MINNEAPOLIS, Aug. 10 -- Better prevention and treatment of end-stage renal disease have led to a clinical payoff but have failed to ease the financial burden, the latest data show.

The number of patients who started dialysis or had kidney transplants declined by 0.9% in 2004, the last year with complete data, Robert N. Foley, M.D., and Allan J. Collins, M.D., of the United States Renal Data System here, reported online in the Journal of the American Society of Nephrology.

That bit of good news was accompanied by grim cost estimates showing that end-stage-related expenditures rose by 57% from 1999 through 2004.

Renal replacement therapy, including dialysis and transplantation, consume a disproportionate amount of financial and human resources, the authors said, noting that costs associated with end-stage renal disease accounted for 6.7% of Medicare expenditures.

Medicare outlays for end-stage disease exceeded billion, and non-Medicare expenditures stood at .4 billion.

Any meaningful and lasting impact on disease outcomes and costs requires an effective interruption in the progression from chronic kidney disease to end-stage disease, the authors said. Moreover, they noted, the full impact of the growing epidemic of diabetes has yet to be determined.

In addition to the encouraging data on new-onset dialysis and transplantation, end-stage disease-related mortality continued a decline that began in the 1980s.

The one concern, the authors said, is the lack of improvement in survival in the first year after initiation of dialysis. First-year mortality in dialysis patients declined steadily from 1987 to 1993, but no further improvement has occurred since then.

Mortality for years 2 through 5 of dialysis has continued to decrease, however. The data are encouraging given that the age and comorbidity burden of dialysis patients continue to increase, Drs. Foley and Collins noted.

Diabetes remained the principal cause of end-stage renal disease in 2004, with a rate of 148.8 cases per million.

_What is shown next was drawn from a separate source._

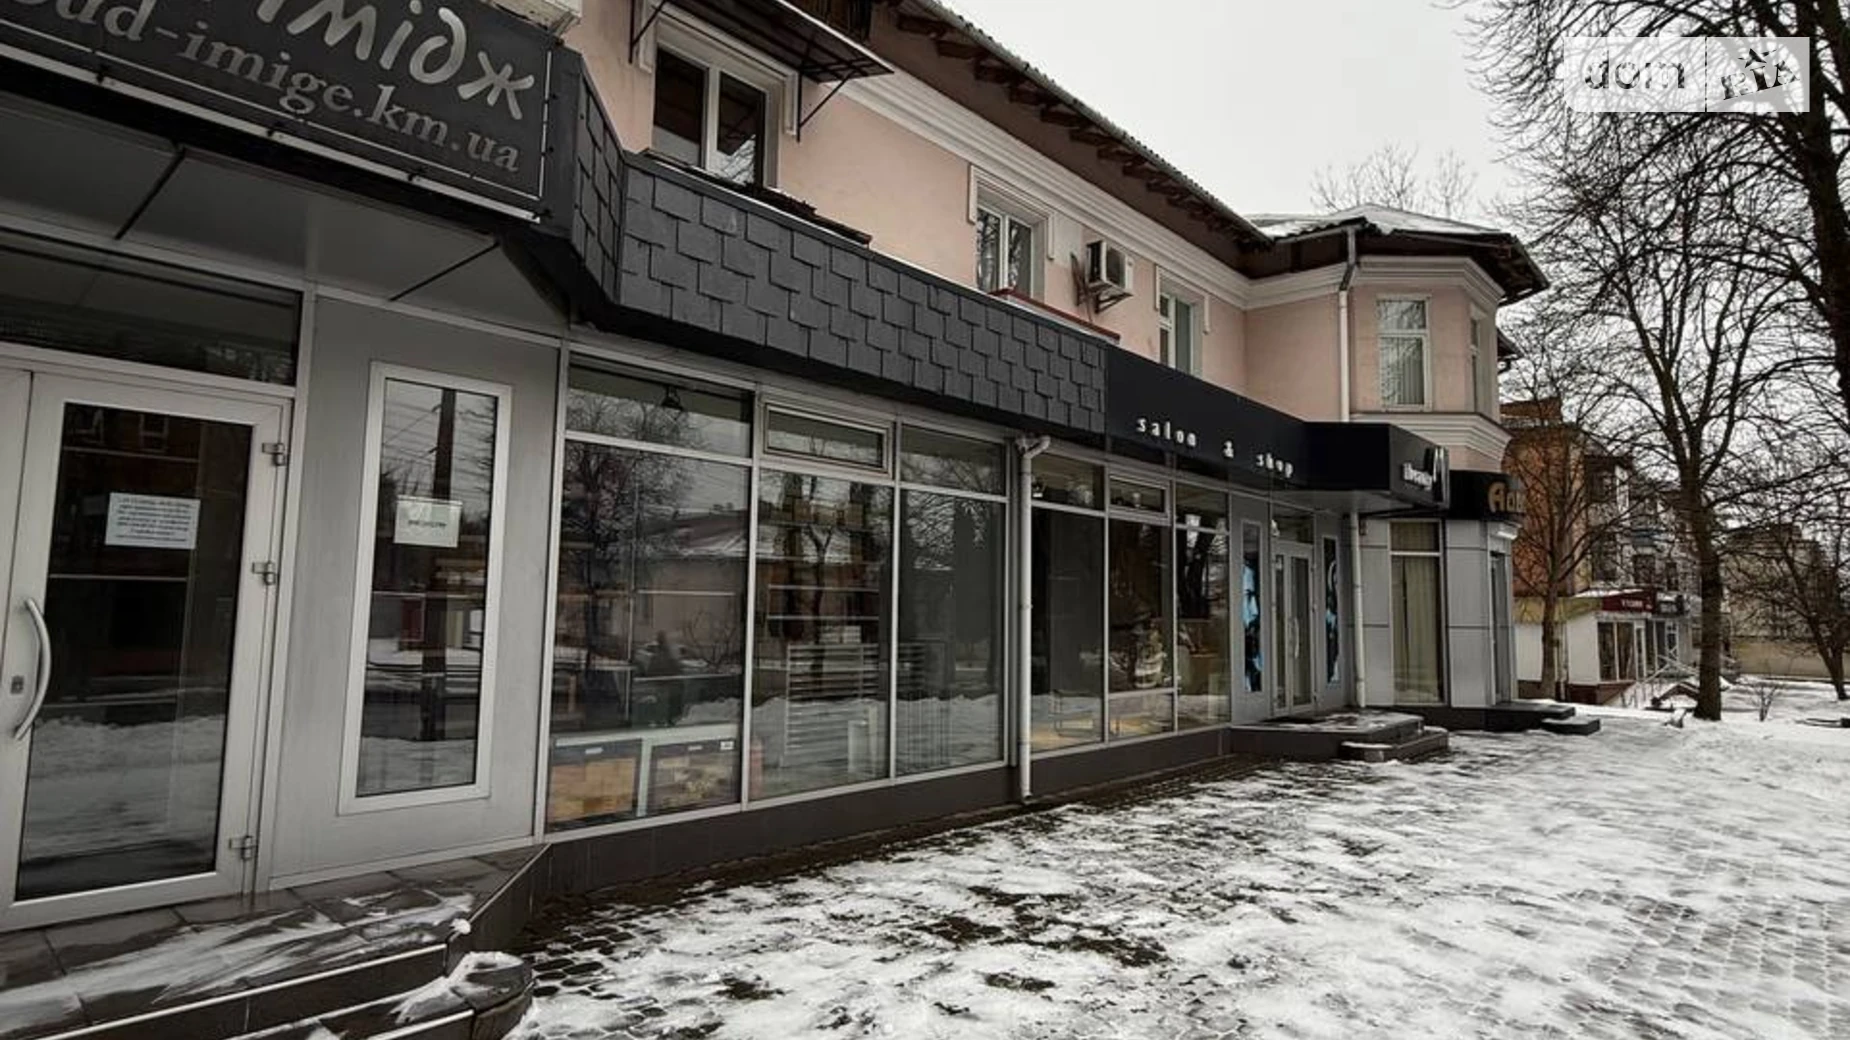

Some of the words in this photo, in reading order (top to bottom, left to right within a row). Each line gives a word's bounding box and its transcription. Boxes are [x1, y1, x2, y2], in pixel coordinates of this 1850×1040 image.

[14, 0, 520, 172] ud-imige.km.ua
[1136, 417, 1197, 448] salon
[1256, 452, 1295, 479] shop

In all likelihood, the association will strengthen absent a reversal in the burgeoning prevalence and incidence of diabetes, they said.

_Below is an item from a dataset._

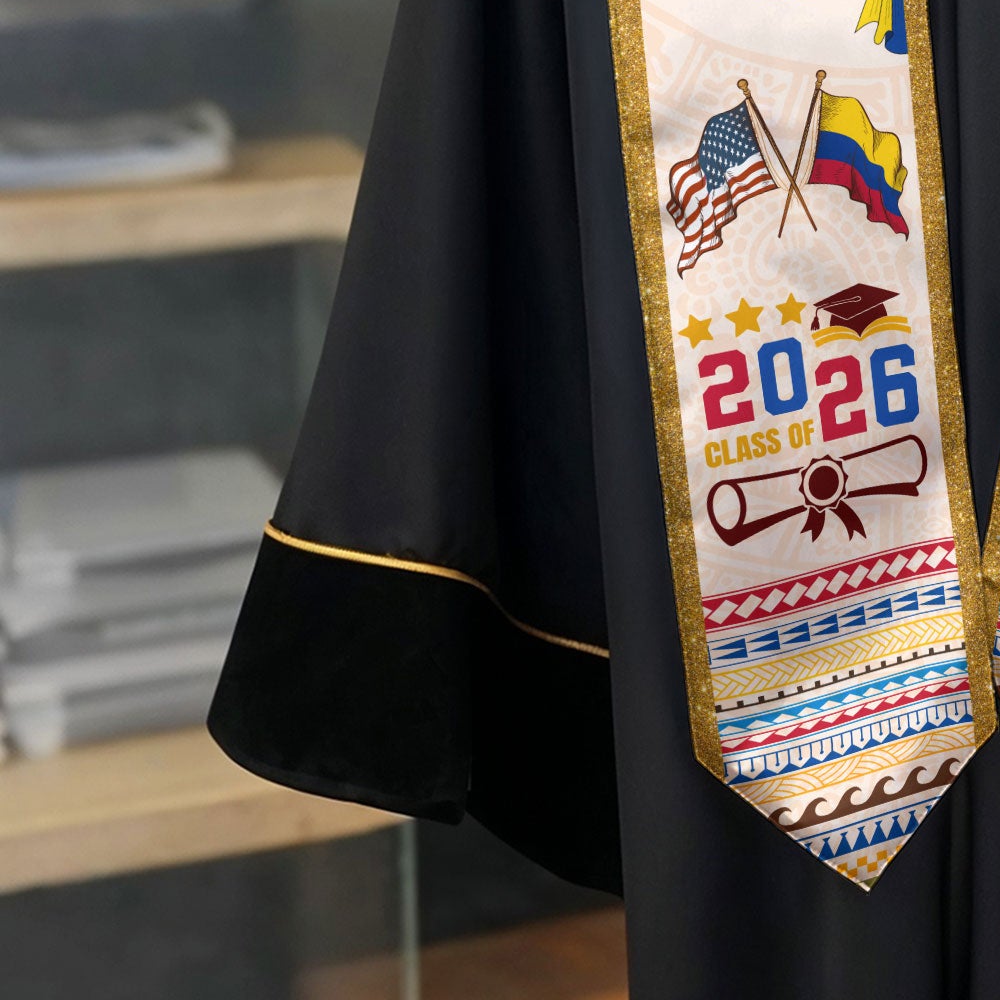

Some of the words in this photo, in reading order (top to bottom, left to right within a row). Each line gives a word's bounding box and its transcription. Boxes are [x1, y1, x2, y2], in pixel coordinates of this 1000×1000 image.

[698, 337, 920, 443] 2026
[704, 428, 782, 468] CLASS
[788, 418, 815, 449] OF

Incidence of end-stage disease has decreased in most demographic groups and by the principal causes of the condition, Foley and Collins said. One potential area of concern, they noted, is an apparent increase in the rate of diabetes-associated end-stage renal disease in younger African-Americans.

End-stage disease rates also appear to be rising in older individuals.

An aging population with a substantial burden of cardiovascular disease could make atherosclerotic renovascular disease a more prominent issue in end-stage disease, the authors suggested. A recent examination of U.S. Renal Data System figures on patients ages 67 and older showed that the prevalence of atherosclerotic renovascular disease increased from 7.1% in 1996 to 11.2% in 2001.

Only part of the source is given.